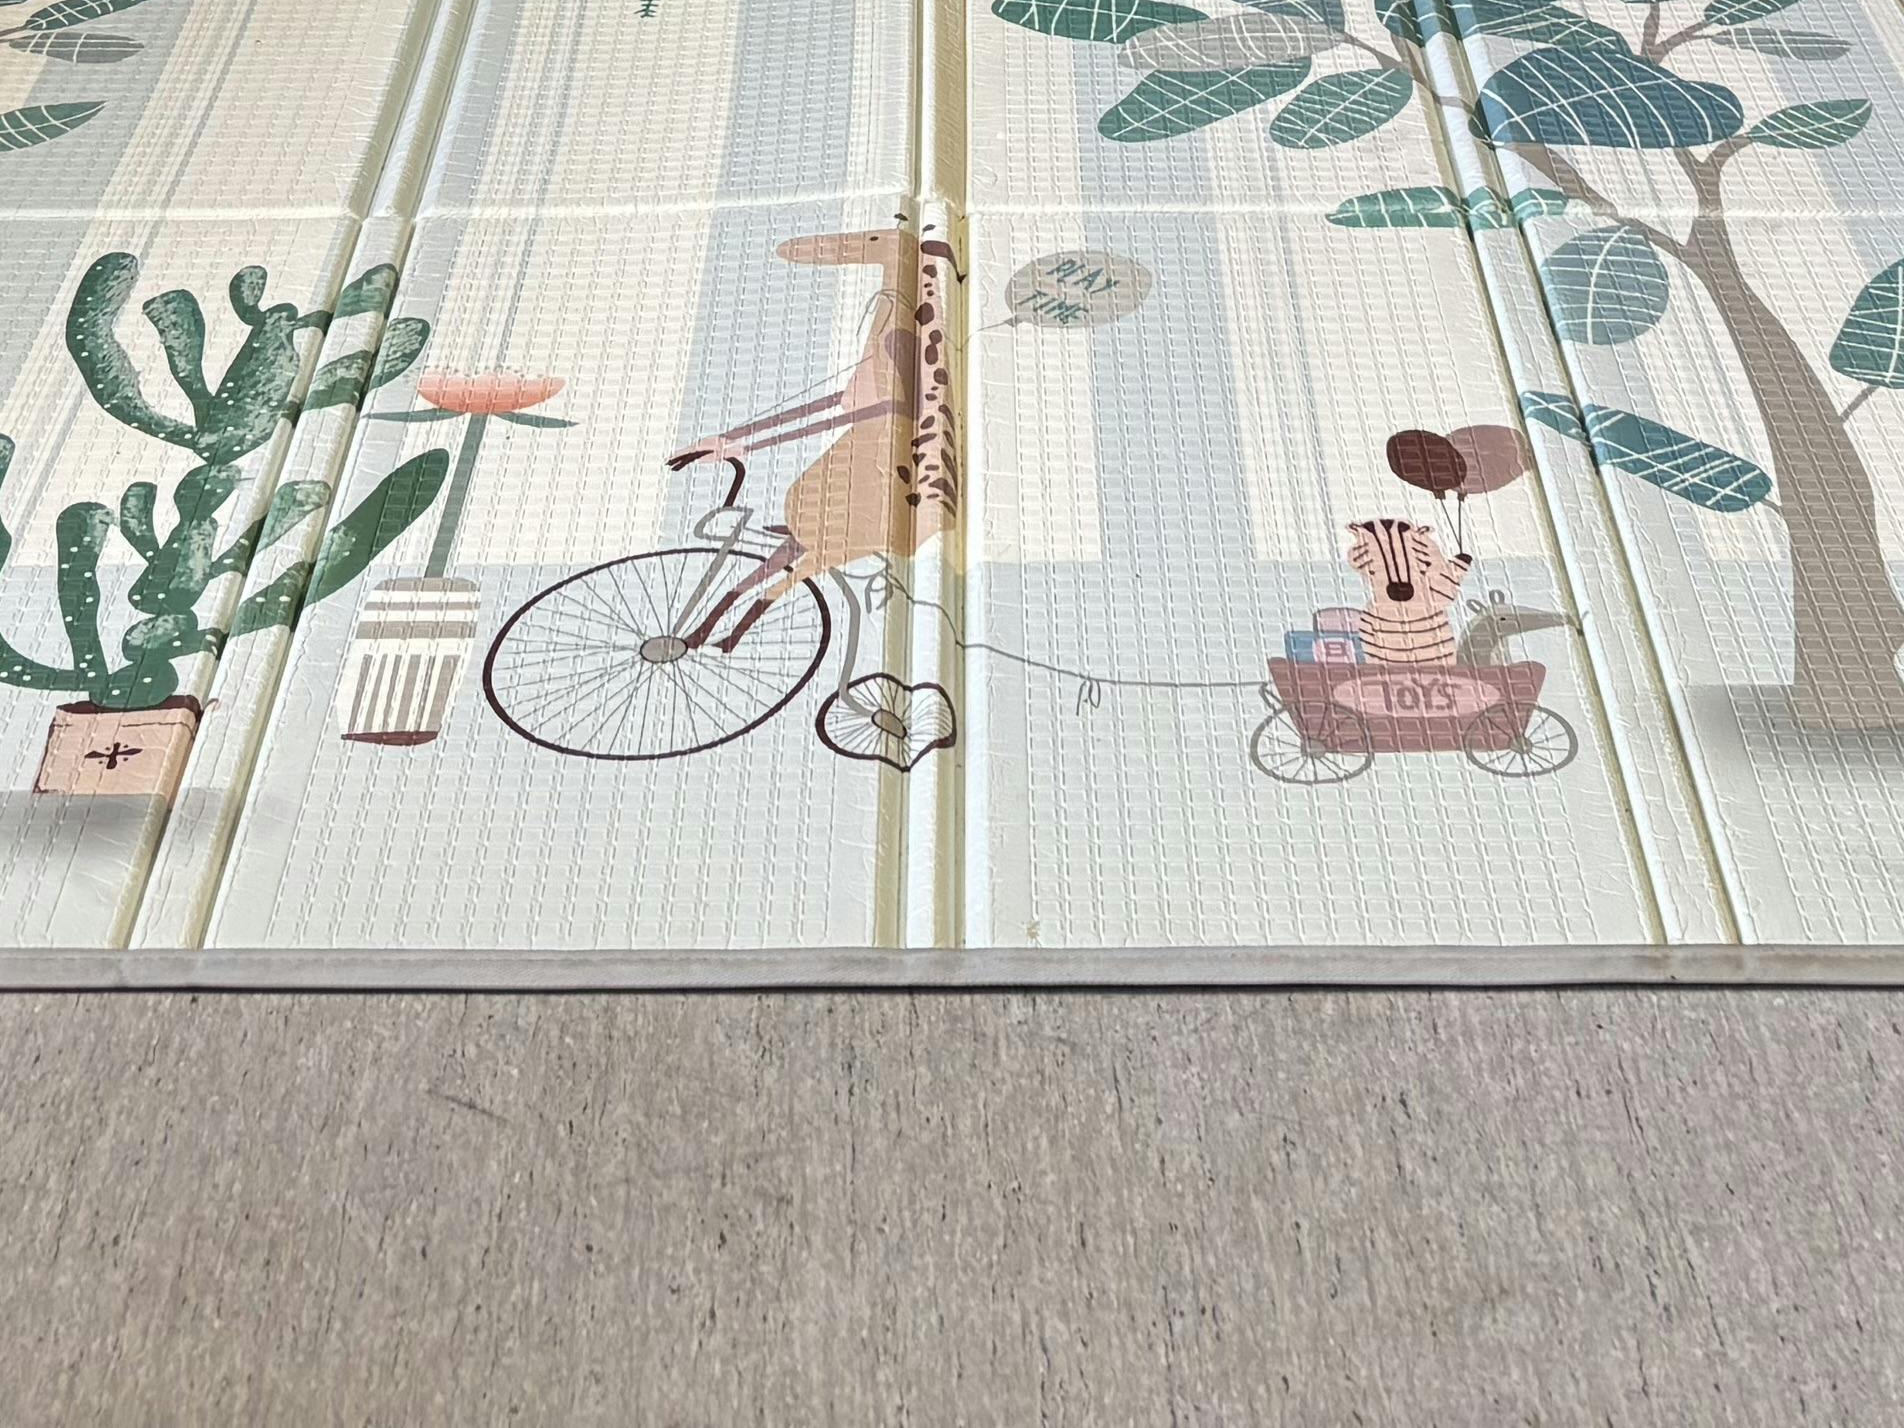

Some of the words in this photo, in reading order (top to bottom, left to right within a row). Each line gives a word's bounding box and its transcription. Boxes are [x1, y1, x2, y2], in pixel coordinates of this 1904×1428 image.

[1045, 258, 1120, 295] PLAY
[1017, 289, 1089, 325] TIME
[1362, 676, 1462, 712] TOYS
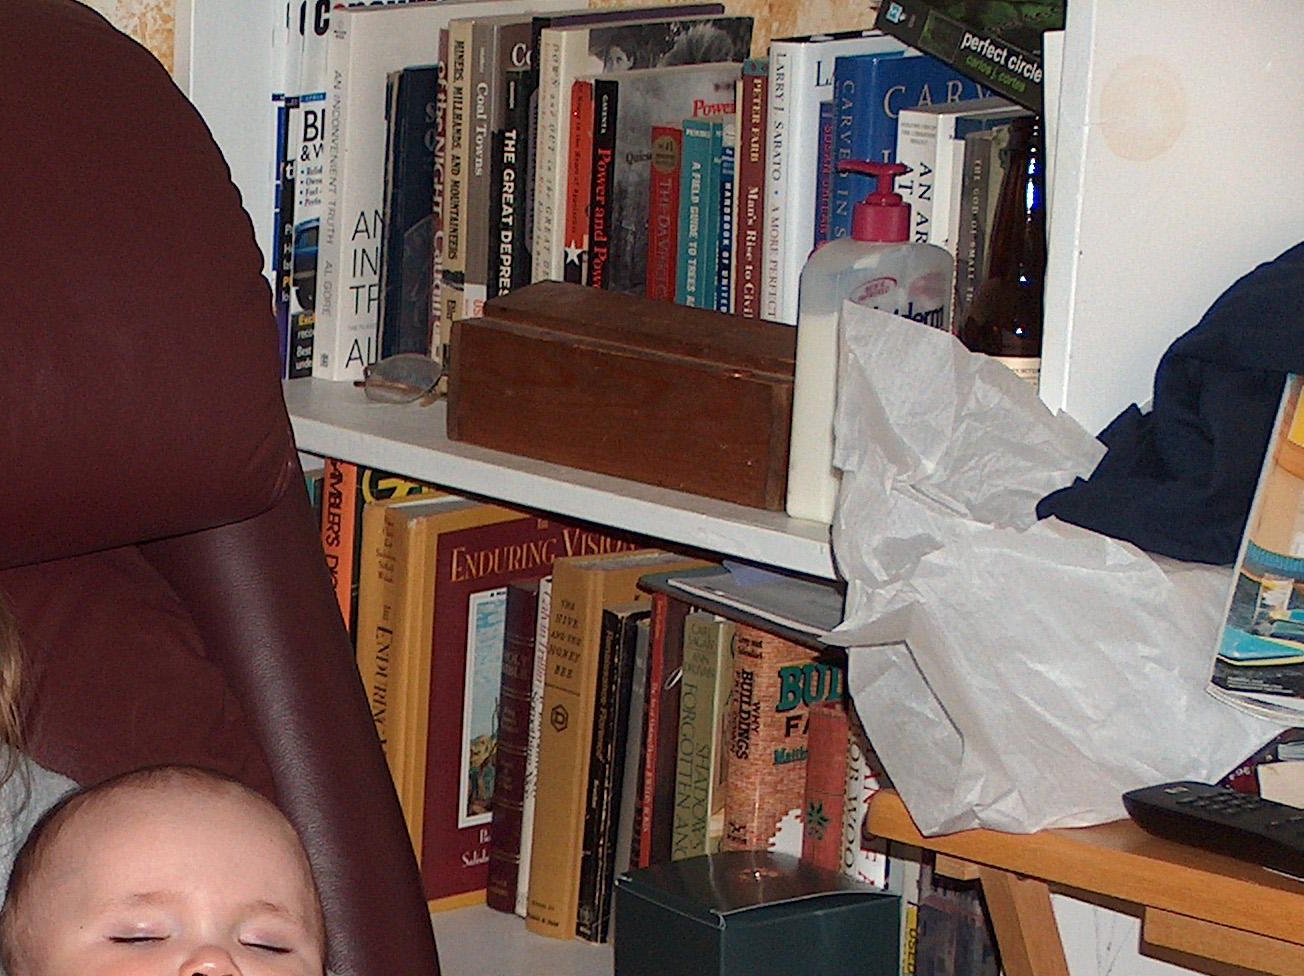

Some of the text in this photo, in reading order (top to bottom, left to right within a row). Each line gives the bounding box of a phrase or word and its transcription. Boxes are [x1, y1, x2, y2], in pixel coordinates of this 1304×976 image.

[774, 53, 787, 101] LARRY
[961, 32, 1043, 84] perfect circle
[476, 82, 489, 119] Coal
[751, 79, 763, 125] PETER
[328, 95, 342, 193] INCONVENIENT
[451, 154, 462, 176] AND
[474, 125, 487, 176] Towns
[503, 129, 517, 164] THE
[771, 121, 784, 181] SABATO
[501, 166, 516, 226] GREAT
[596, 148, 612, 205] Power
[918, 162, 934, 202] AN
[325, 201, 336, 245] TRUTH
[594, 208, 608, 241] and
[722, 182, 732, 246] HANDBOOK
[836, 191, 849, 215] IN
[745, 230, 757, 261] Rise
[769, 214, 780, 254] MORE
[720, 270, 730, 313] UNITED
[767, 260, 778, 319] PERFECT
[451, 538, 558, 583] ENDURING
[554, 613, 580, 630] HIVE
[548, 643, 582, 664] HONEY
[736, 668, 754, 760] BUILDINGS
[751, 702, 761, 734] WHY
[677, 683, 698, 809] FORGOTTEN
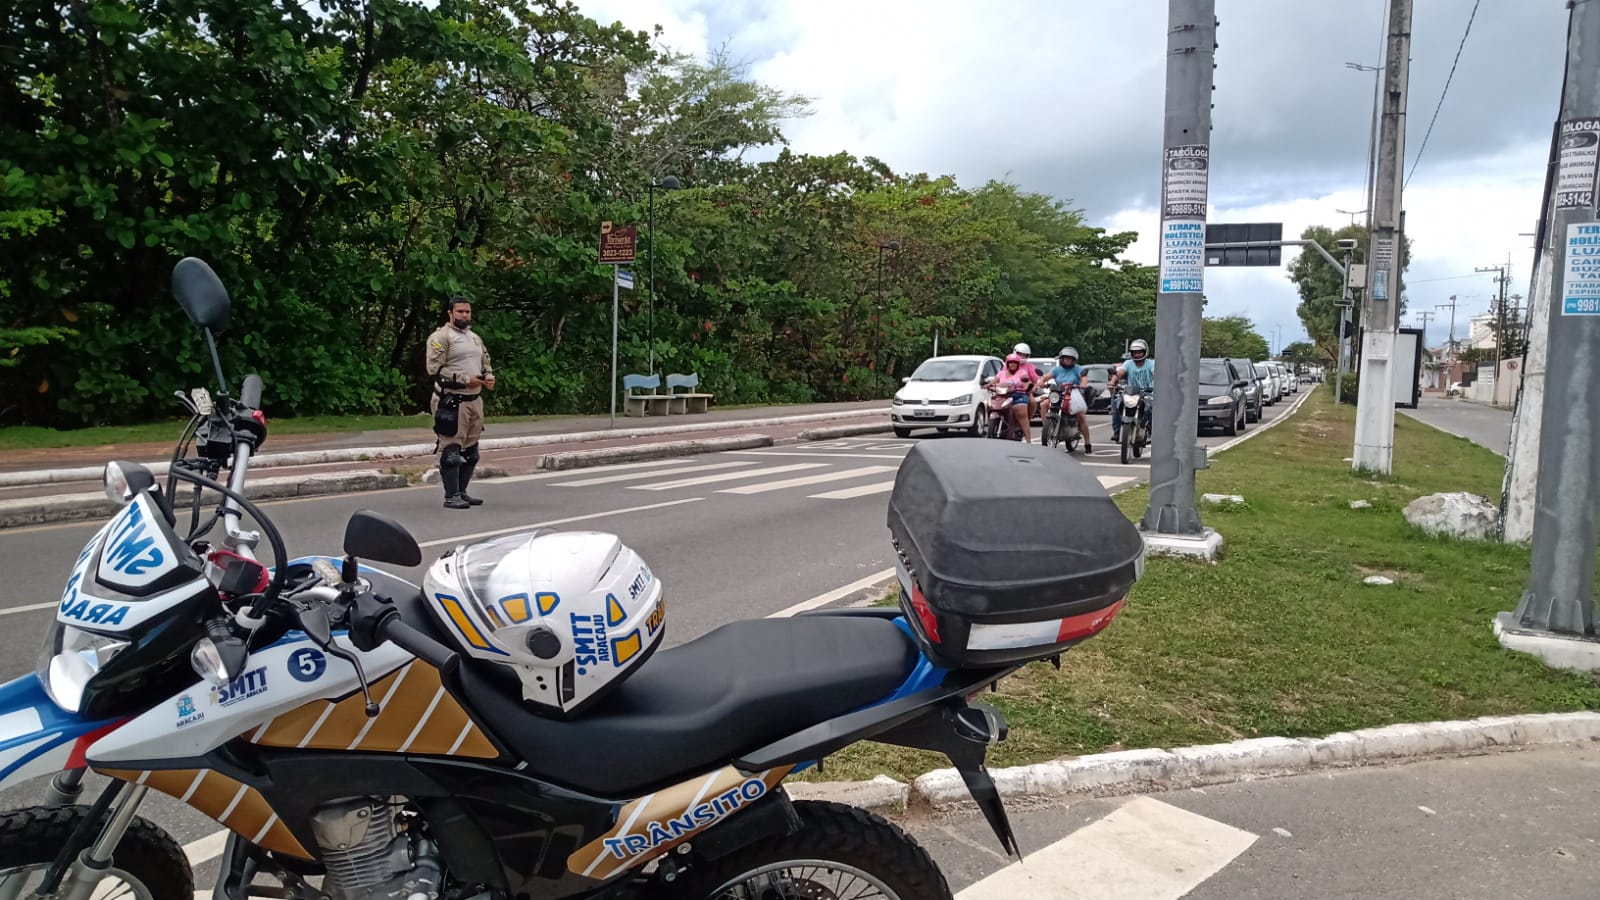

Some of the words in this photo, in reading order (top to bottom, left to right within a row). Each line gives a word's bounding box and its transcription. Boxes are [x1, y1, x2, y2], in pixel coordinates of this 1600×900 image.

[1168, 223, 1202, 231] TERAPIA
[1166, 240, 1203, 248] LUANA
[570, 612, 598, 666] SMTT
[593, 614, 610, 662] ARACAJU
[298, 652, 317, 676] 5
[218, 666, 268, 704] SMTT
[176, 711, 205, 728] ARACAJU
[603, 778, 767, 860] TRÂNSITO
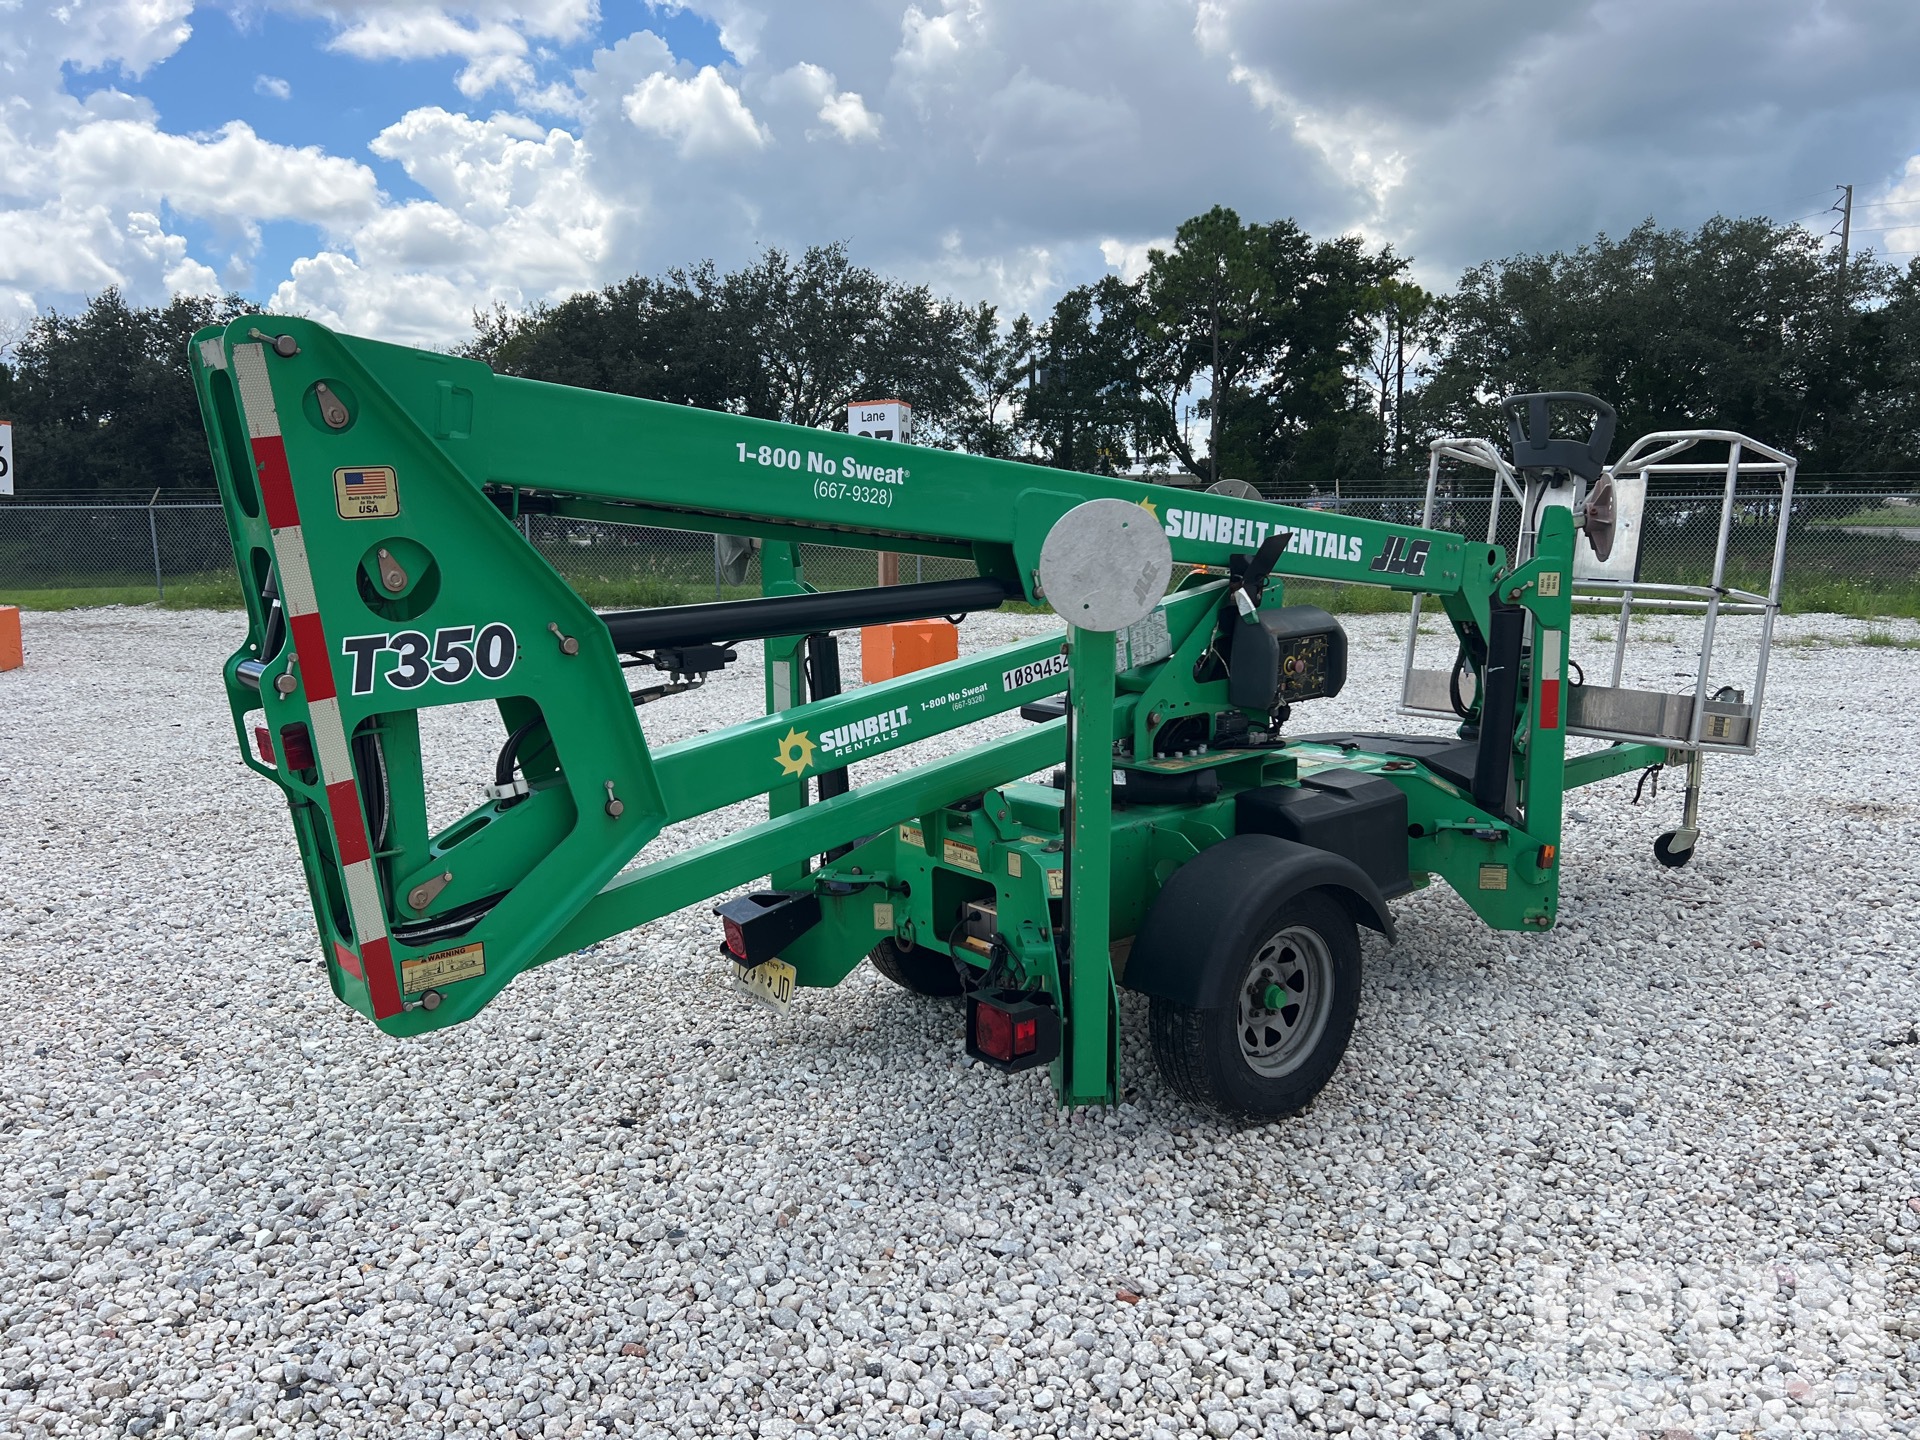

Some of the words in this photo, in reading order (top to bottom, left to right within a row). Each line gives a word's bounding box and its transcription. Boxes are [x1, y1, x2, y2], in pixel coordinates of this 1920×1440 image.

# ACTIVITY
Omit the pictures and write out the lines above from the one with "Some of the text" through the last, unchanged.

# COMPLETED EXERCISE
Some of the text in this photo, in reading order (top to bottom, left to right within a row). Each line gives the bounding box of a phrase or word and its transcription. Boxes are [x1, y1, x2, y2], in pixel coordinates of this 1304×976 image.

[774, 53, 787, 101] LARRY
[961, 32, 1043, 84] perfect circle
[476, 82, 489, 119] Coal
[751, 79, 763, 125] PETER
[328, 95, 342, 193] INCONVENIENT
[451, 154, 462, 176] AND
[474, 125, 487, 176] Towns
[503, 129, 517, 164] THE
[771, 121, 784, 181] SABATO
[501, 166, 516, 226] GREAT
[596, 148, 612, 205] Power
[918, 162, 934, 202] AN
[325, 201, 336, 245] TRUTH
[594, 208, 608, 241] and
[722, 182, 732, 246] HANDBOOK
[836, 191, 849, 215] IN
[745, 230, 757, 261] Rise
[769, 214, 780, 254] MORE
[720, 270, 730, 313] UNITED
[767, 260, 778, 319] PERFECT
[451, 538, 558, 583] ENDURING
[554, 613, 580, 630] HIVE
[548, 643, 582, 664] HONEY
[736, 668, 754, 760] BUILDINGS
[751, 702, 761, 734] WHY
[677, 683, 698, 809] FORGOTTEN

Some of the words in this photo, in reading order (top to bottom, left to right within a row). Each line gives a word's bounding box and its transcription. Boxes are [x1, y1, x2, y2], in pixel coordinates of this 1600×900 image.

[1168, 223, 1202, 231] TERAPIA
[1166, 240, 1203, 248] LUANA
[570, 612, 598, 666] SMTT
[593, 614, 610, 662] ARACAJU
[298, 652, 317, 676] 5
[218, 666, 268, 704] SMTT
[176, 711, 205, 728] ARACAJU
[603, 778, 767, 860] TRÂNSITO

Some of the words in this photo, in reading order (top to bottom, left to right within a row). Each line gives a word's bounding box and its transcription. Boxes are [x1, y1, x2, y2], in pixel coordinates of this 1920×1440 image.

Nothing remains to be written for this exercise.